### [PROBLEM TO SOLVE]
Without including any pictures, return the records below exactly as written.

====== AVAILABLE DATA

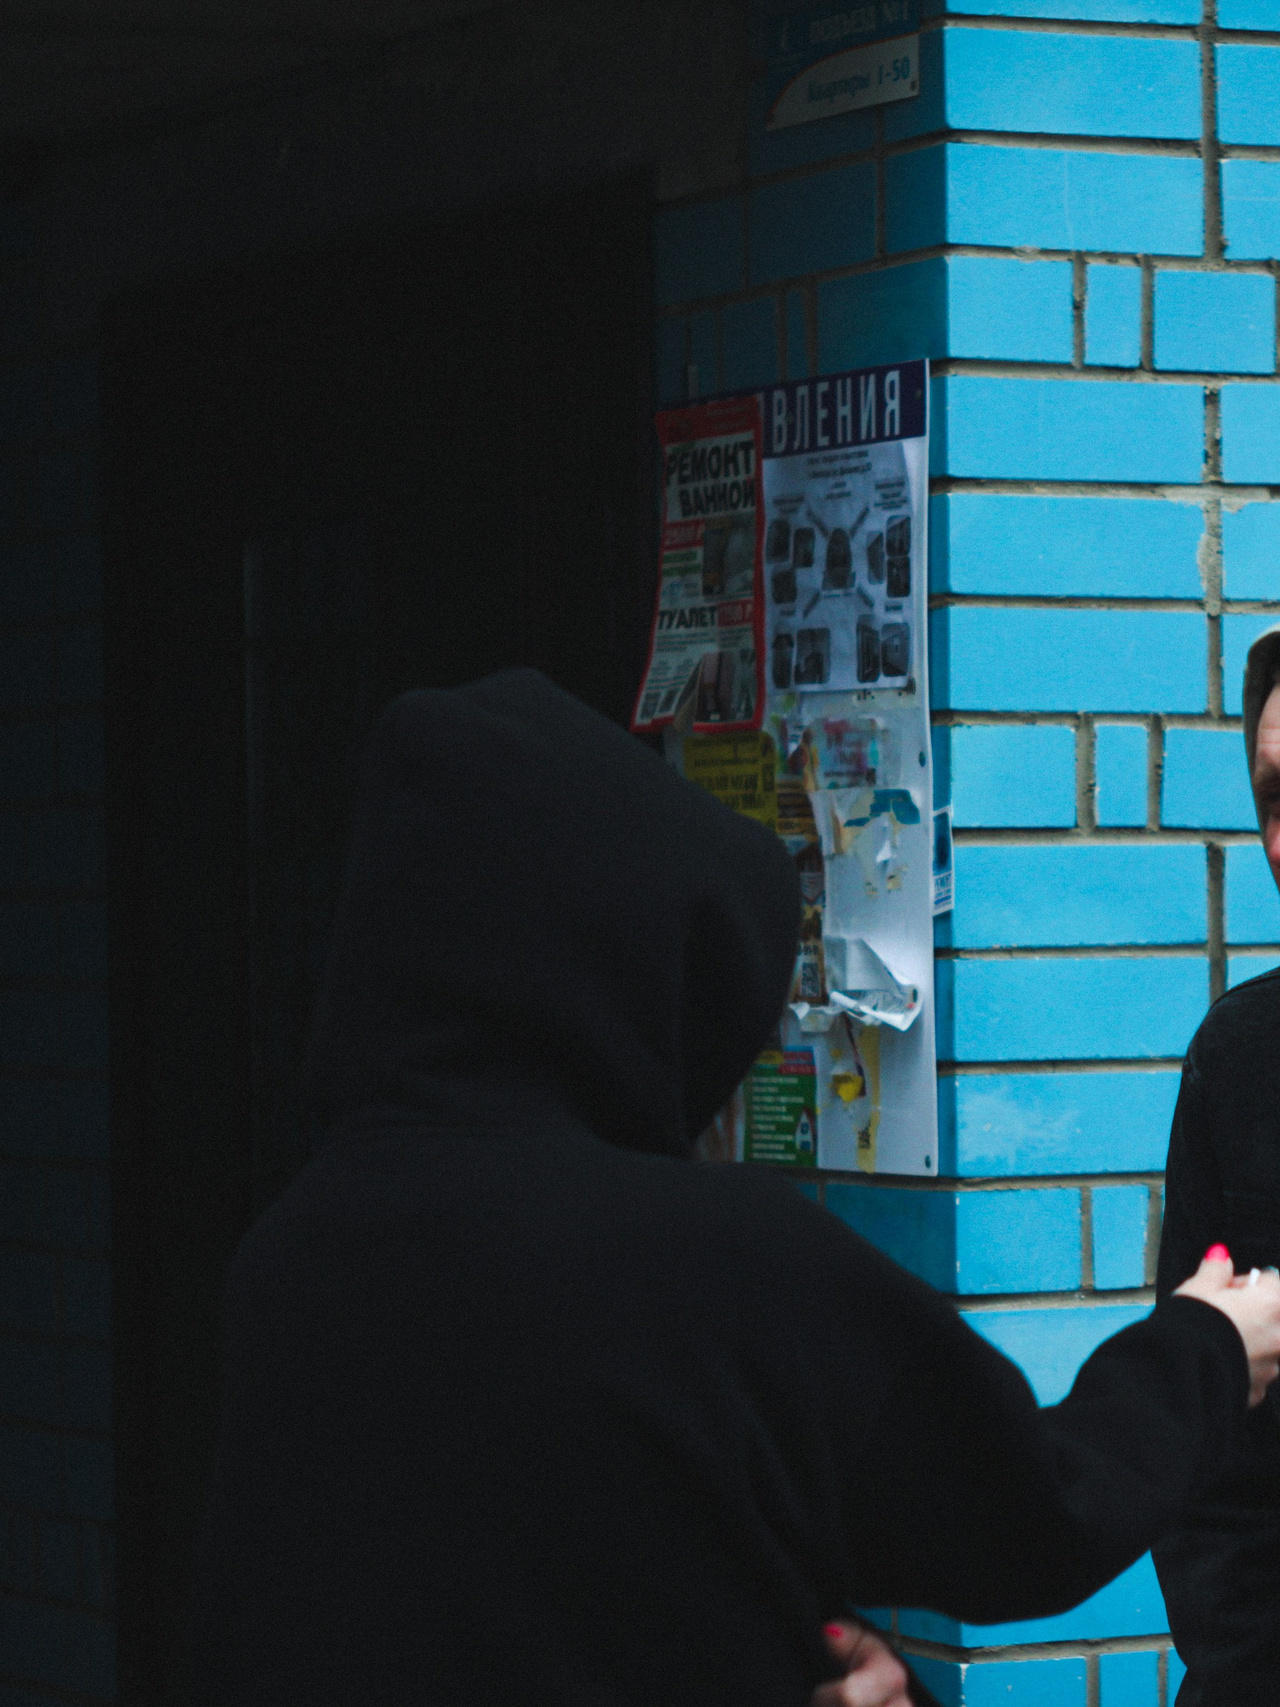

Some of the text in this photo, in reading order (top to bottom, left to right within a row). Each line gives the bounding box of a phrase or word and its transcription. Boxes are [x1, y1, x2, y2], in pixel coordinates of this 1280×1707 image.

[877, 56, 910, 87] 1-50
[757, 368, 902, 455] ВЛЕНИЯ
[665, 440, 755, 485] РЕМОНТ
[679, 478, 756, 517] ВАННОЙ
[658, 605, 717, 631] ТУАЛЕТ
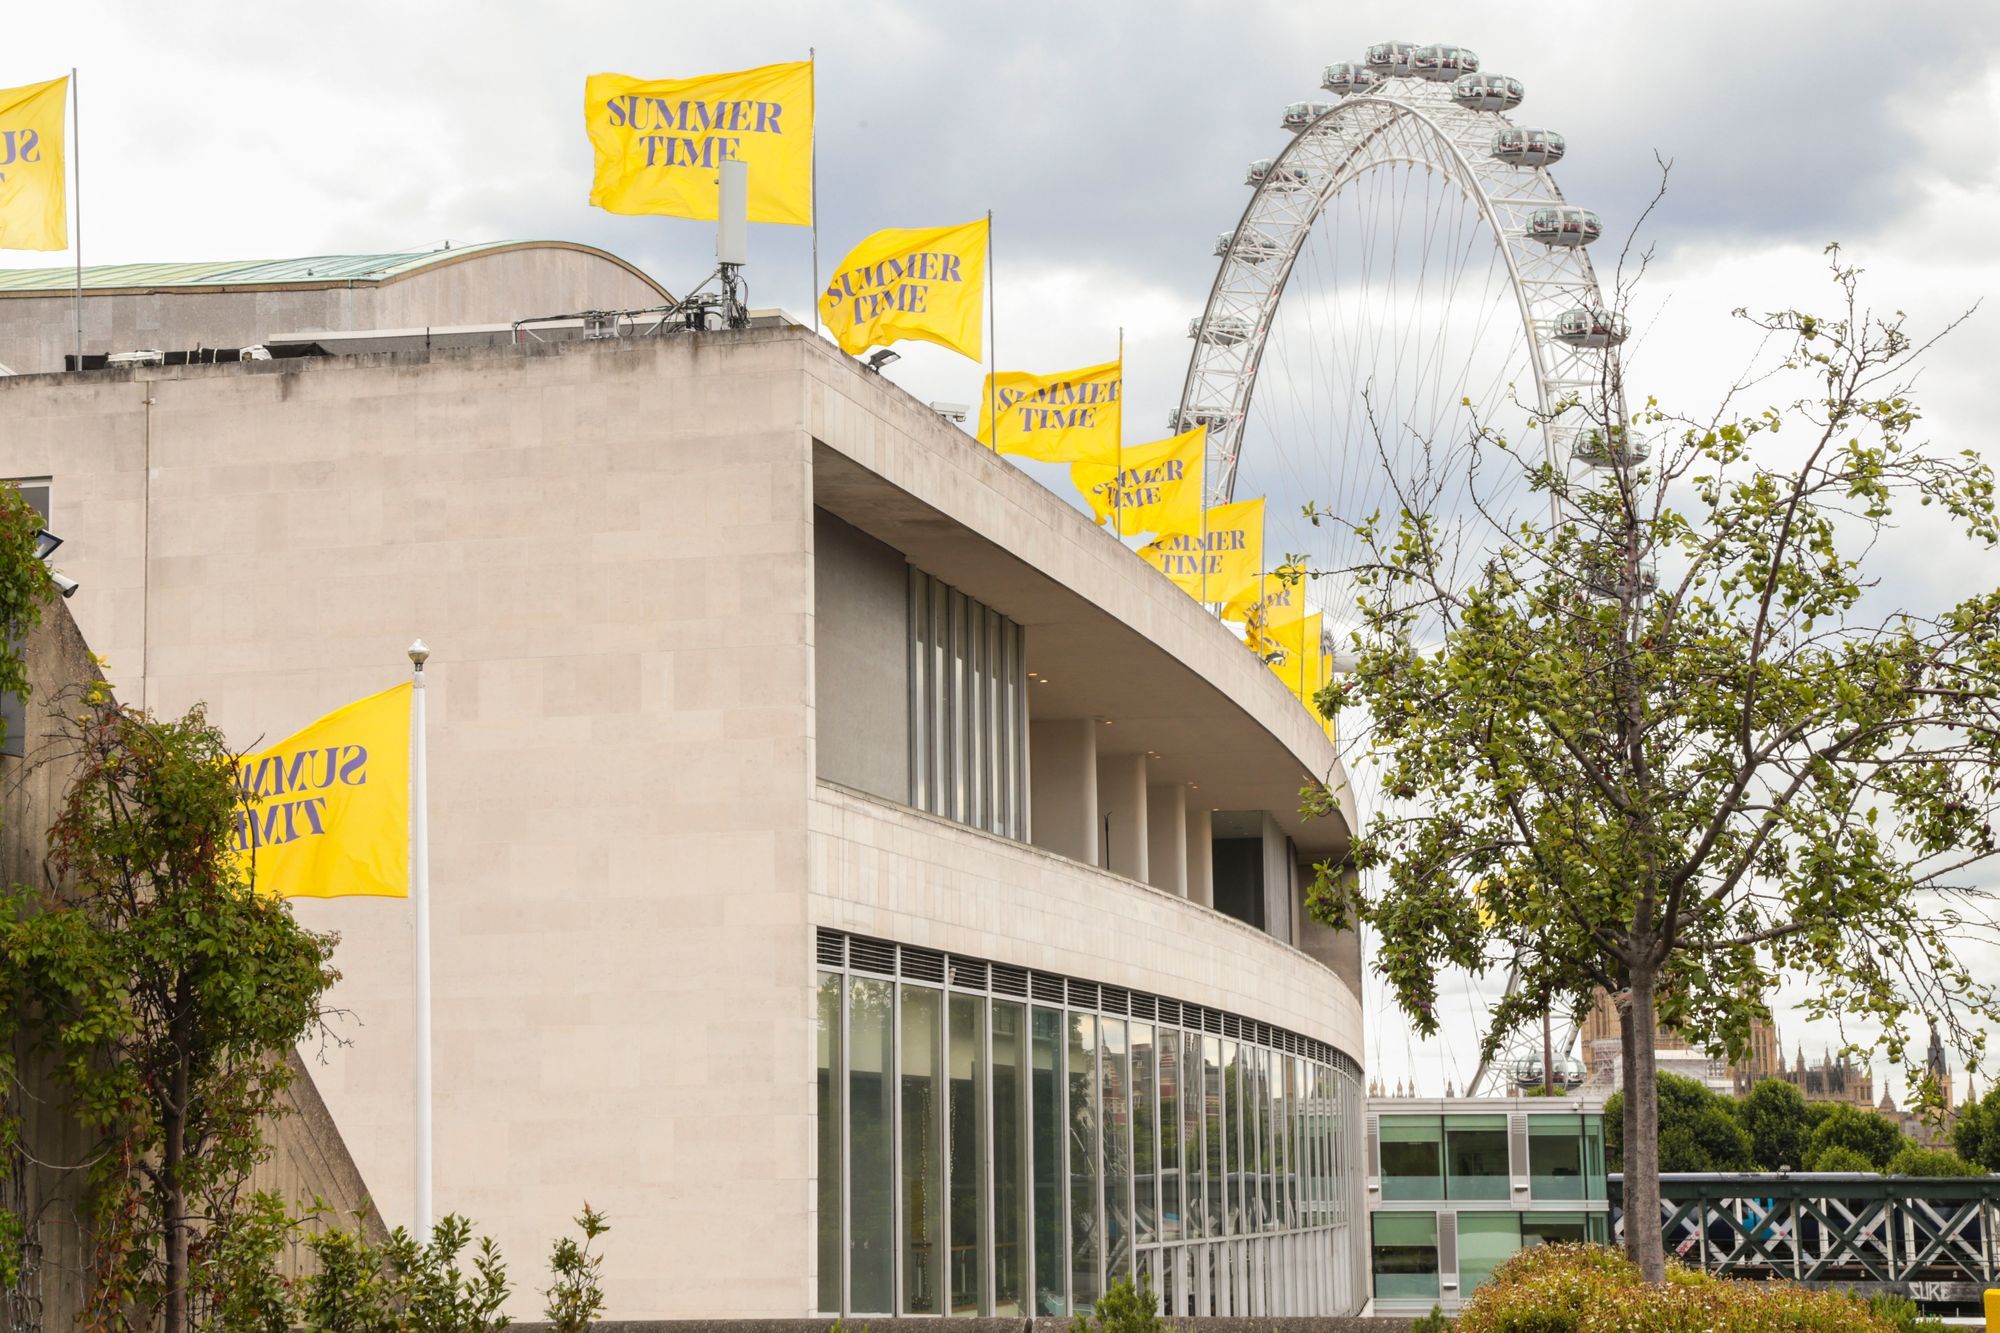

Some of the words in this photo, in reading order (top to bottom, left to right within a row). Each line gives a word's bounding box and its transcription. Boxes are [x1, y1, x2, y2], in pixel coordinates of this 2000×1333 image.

[606, 95, 783, 134] SUMMER
[638, 135, 741, 169] TIME
[826, 252, 963, 309] SUMMER
[853, 283, 929, 326] TIME
[1018, 407, 1097, 432] TIME
[1149, 529, 1246, 552] MMER
[1159, 554, 1224, 575] TIME
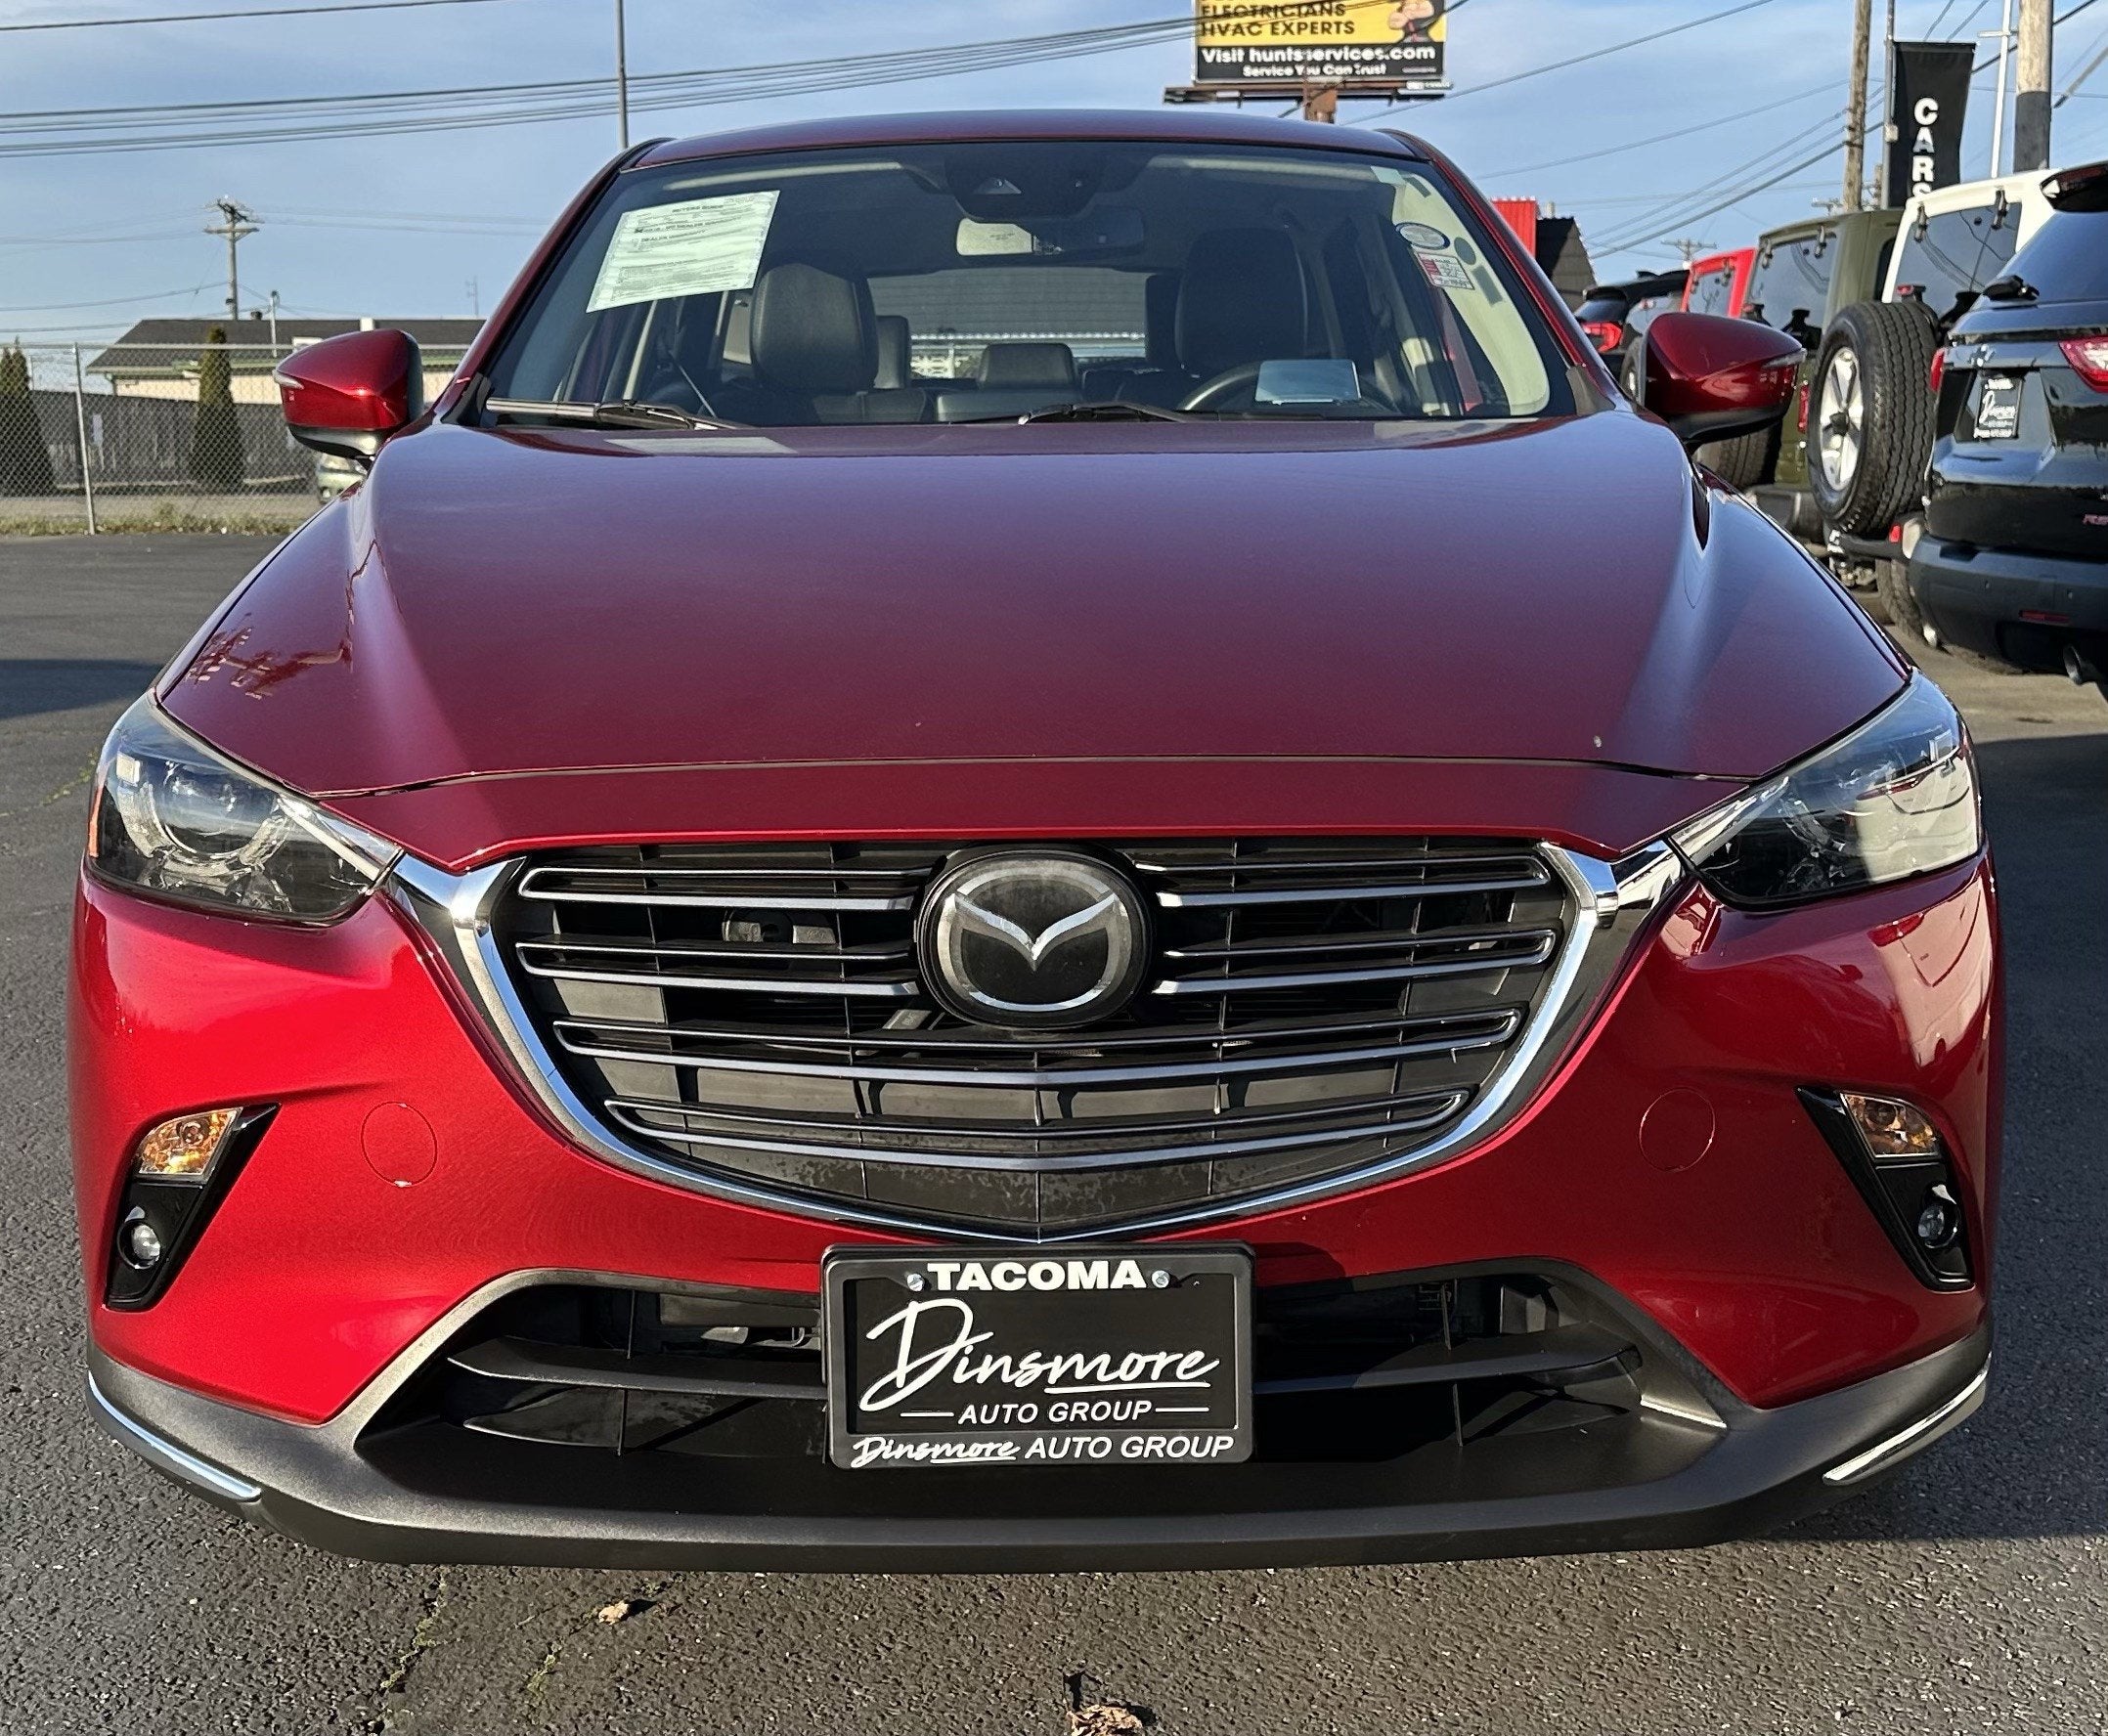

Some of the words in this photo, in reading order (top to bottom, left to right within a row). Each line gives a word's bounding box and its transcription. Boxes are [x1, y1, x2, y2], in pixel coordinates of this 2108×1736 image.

============

### [YOUR SOLUTION]
Some of the text in this photo, in reading order (top to bottom, left to right within a row). Each line gives the bounding box of a phrase or word and its transcription. Boxes are [x1, y1, x2, y2], in pixel coordinates of this 1280×1707 image.

[877, 56, 910, 87] 1-50
[757, 368, 902, 455] ВЛЕНИЯ
[665, 440, 755, 485] РЕМОНТ
[679, 478, 756, 517] ВАННОЙ
[658, 605, 717, 631] ТУАЛЕТ

Some of the words in this photo, in reading order (top to bottom, left to right within a row). Each line gives a word's bounding box and its transcription. Boxes are [x1, y1, x2, y2], in pixel coordinates of this 2000×1333 image.

[606, 95, 783, 134] SUMMER
[638, 135, 741, 169] TIME
[826, 252, 963, 309] SUMMER
[853, 283, 929, 326] TIME
[1018, 407, 1097, 432] TIME
[1149, 529, 1246, 552] MMER
[1159, 554, 1224, 575] TIME

Some of the words in this photo, in reading order (top to bottom, left to right within a row). Each line gives a word's bounding box and its transcription. Boxes are [x1, y1, x2, y2], in pixel coordinates of this 2108×1736 image.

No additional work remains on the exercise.